SANCHEZ: Matt Egan, thank you so much. As the recession fears increase, there's actually good news at the pump. Gas prices hitting another milestone with a national average sinking to a 15-month low. Today, a gallon of regular gas is $3.16 a gallon, 14 fewer cents than a week ago and according to AAA 15 cents less than a year ago.


WALKER: Yeah, and U.S. oil prices also dropped another 3% to $73.58 a barrel Friday, a sign that gas prices could continue to go down. It's encouraging news for consumers after a year of high rent, groceries and of course other essentials.

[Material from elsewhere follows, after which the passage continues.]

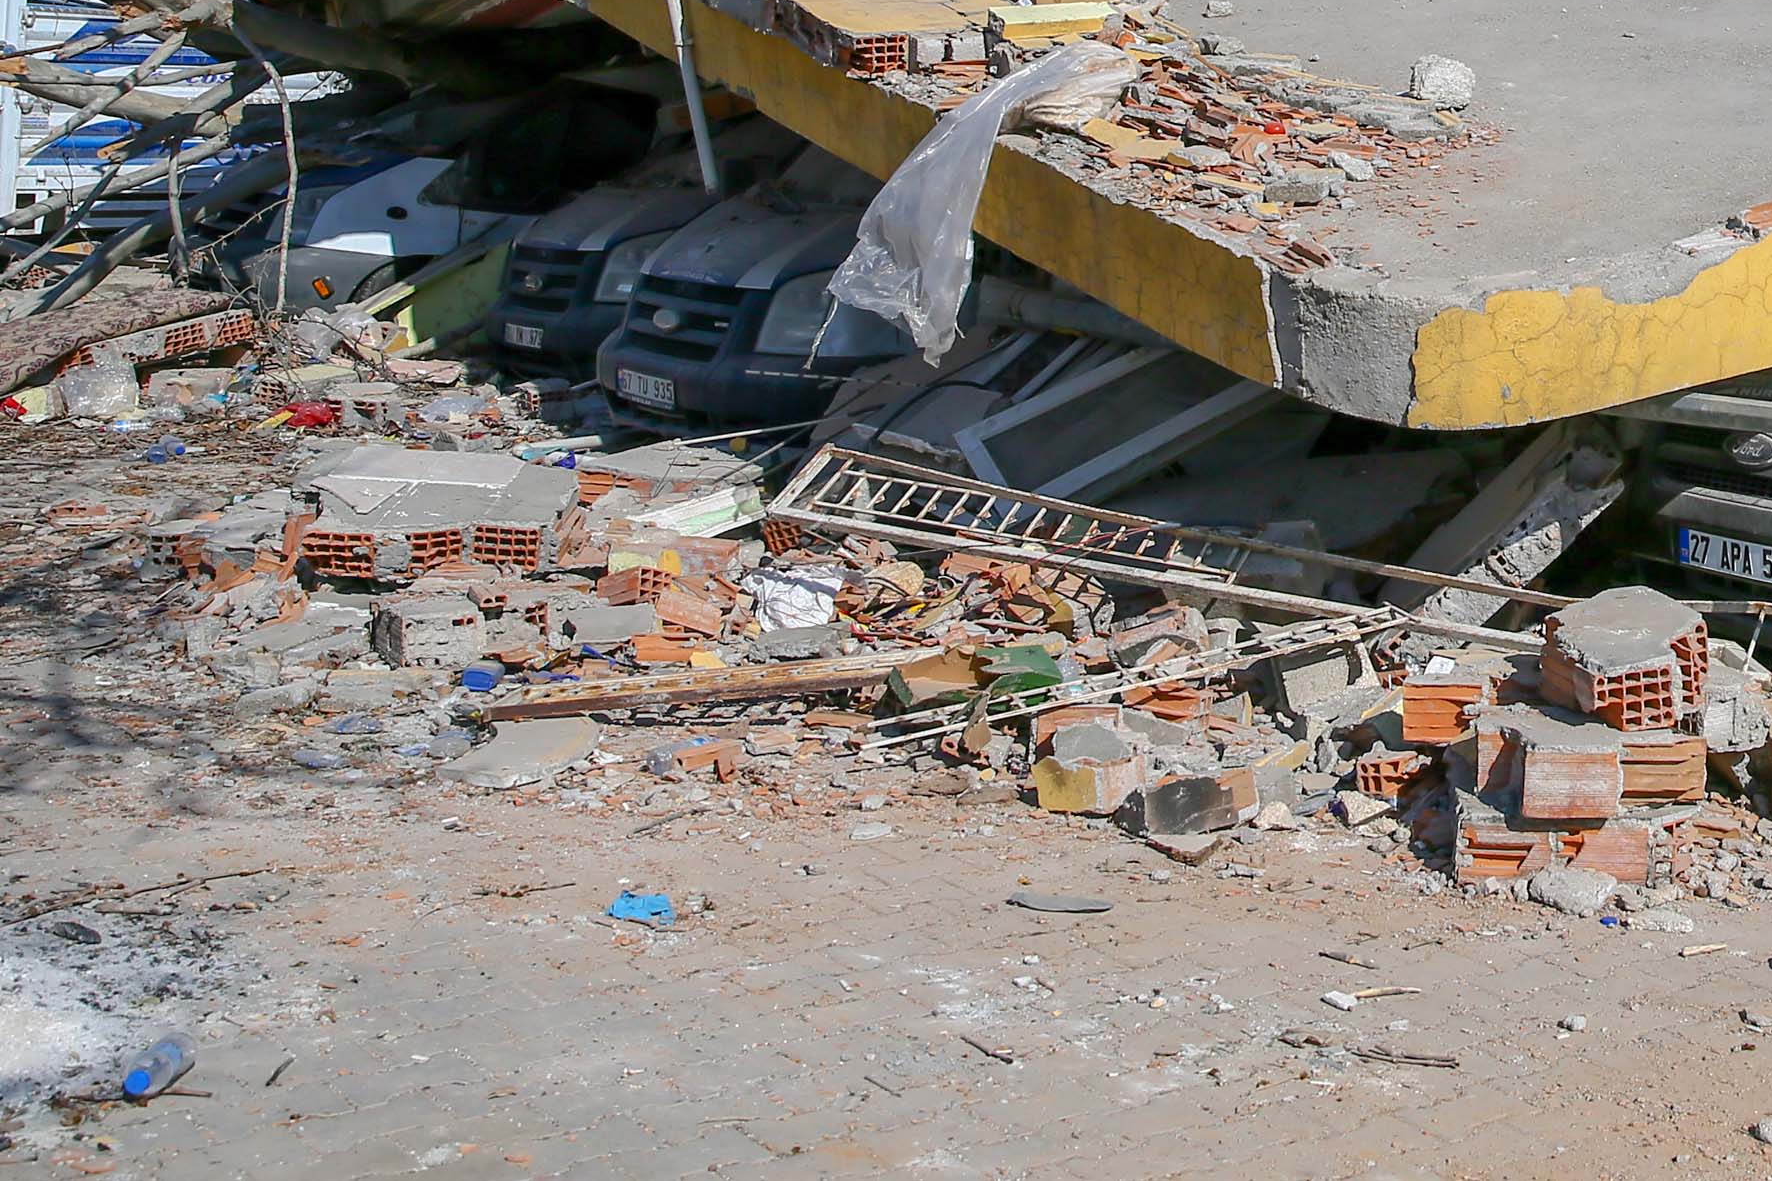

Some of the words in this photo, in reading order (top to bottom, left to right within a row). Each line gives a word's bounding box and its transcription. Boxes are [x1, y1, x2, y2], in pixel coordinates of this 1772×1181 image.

[655, 379, 673, 401] 935
[1732, 439, 1763, 458] Ford
[1690, 534, 1711, 565] 27
[1721, 541, 1753, 576] APA

So, a Trump era border policy is set to expire next week and towns along the U.S.-Mexican border are preparing for an influx of migrants. The concerns from officials across parts of Texas is coming up.

SANCHEZ: Plus, as COVID cases rise, officials are urging people to protect themselves as we close in on Christmas and New Year's Eve. The concerns amid this triple threat of respiratory viruses we're seeing across the country.

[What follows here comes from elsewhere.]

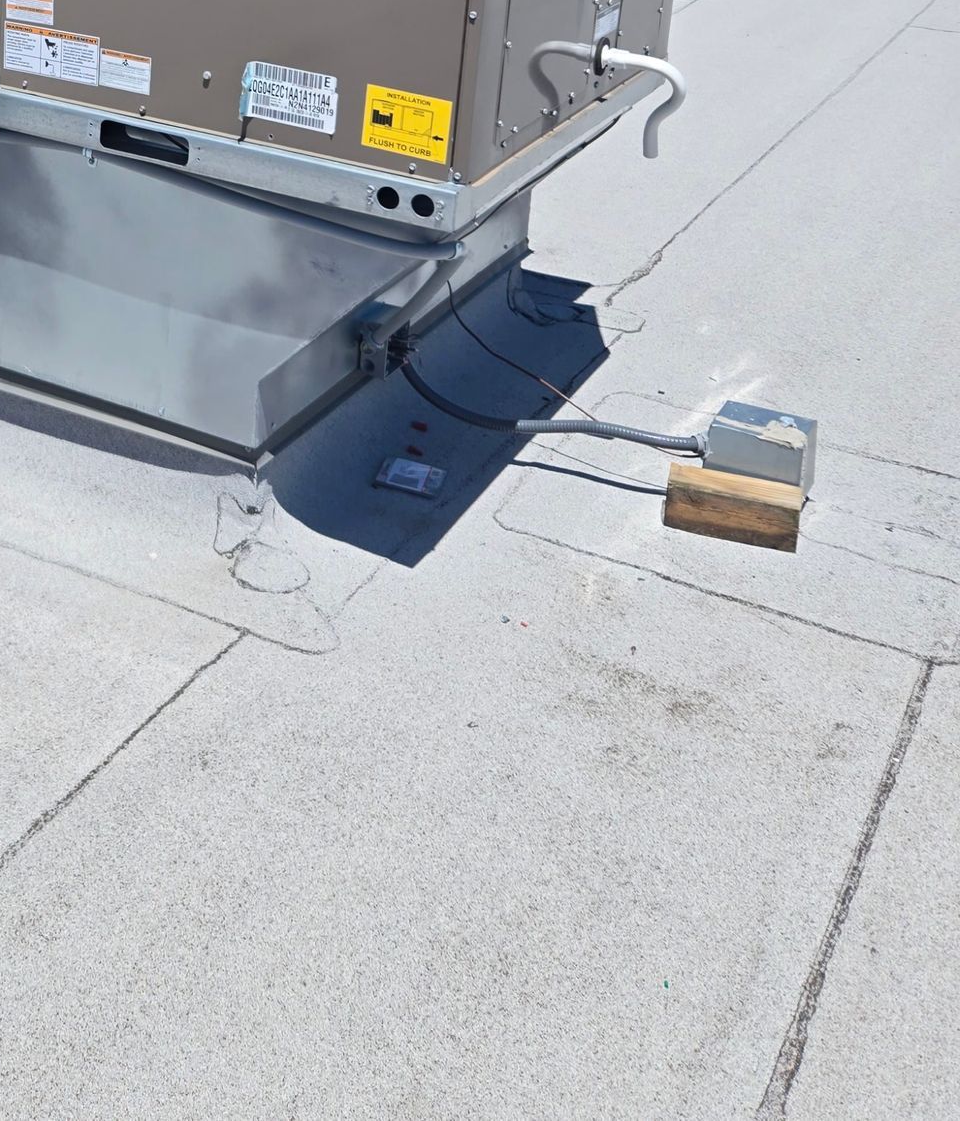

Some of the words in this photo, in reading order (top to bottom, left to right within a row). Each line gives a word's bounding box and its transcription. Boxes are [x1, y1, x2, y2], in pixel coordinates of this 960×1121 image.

SANCHEZ: A federal appeals court has rejected a bid by several Republican led states to continue Title 42. That's the Trump era policy which cited COVID-19 as a reason for the U.S. to expel migrants immediately at the southern border.

WALKER: And the last, the Supreme Court intervenes, the Biden administration is bracing for a surge in migrant crossings when Title 42 ends on Wednesday. CNN's Ed Lavandera is in El Paso, Texas where city officials are overwhelmed as 1000s of migrants are already arriving every day.

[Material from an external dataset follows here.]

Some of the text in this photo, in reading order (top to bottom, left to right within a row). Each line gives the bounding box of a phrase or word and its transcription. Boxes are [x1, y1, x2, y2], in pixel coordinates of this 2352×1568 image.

ED LAVANDERA, CNN NATIONAL CORRESPONDENT: It's 39 degrees and getting colder. This is Roberto Cordoba's first night sleeping on the El Paso streets. He says he's never experienced anything close to homelessness. He left Cuba last month and is hoping to get to Miami soon.

(On camera): He says this is the first time in his life he's ever had to spend the night on the street and he feels completely lost.

(Voice-over): A thin pair of New York giants socks and unlaced shoes won't be enough to get through the frigid night.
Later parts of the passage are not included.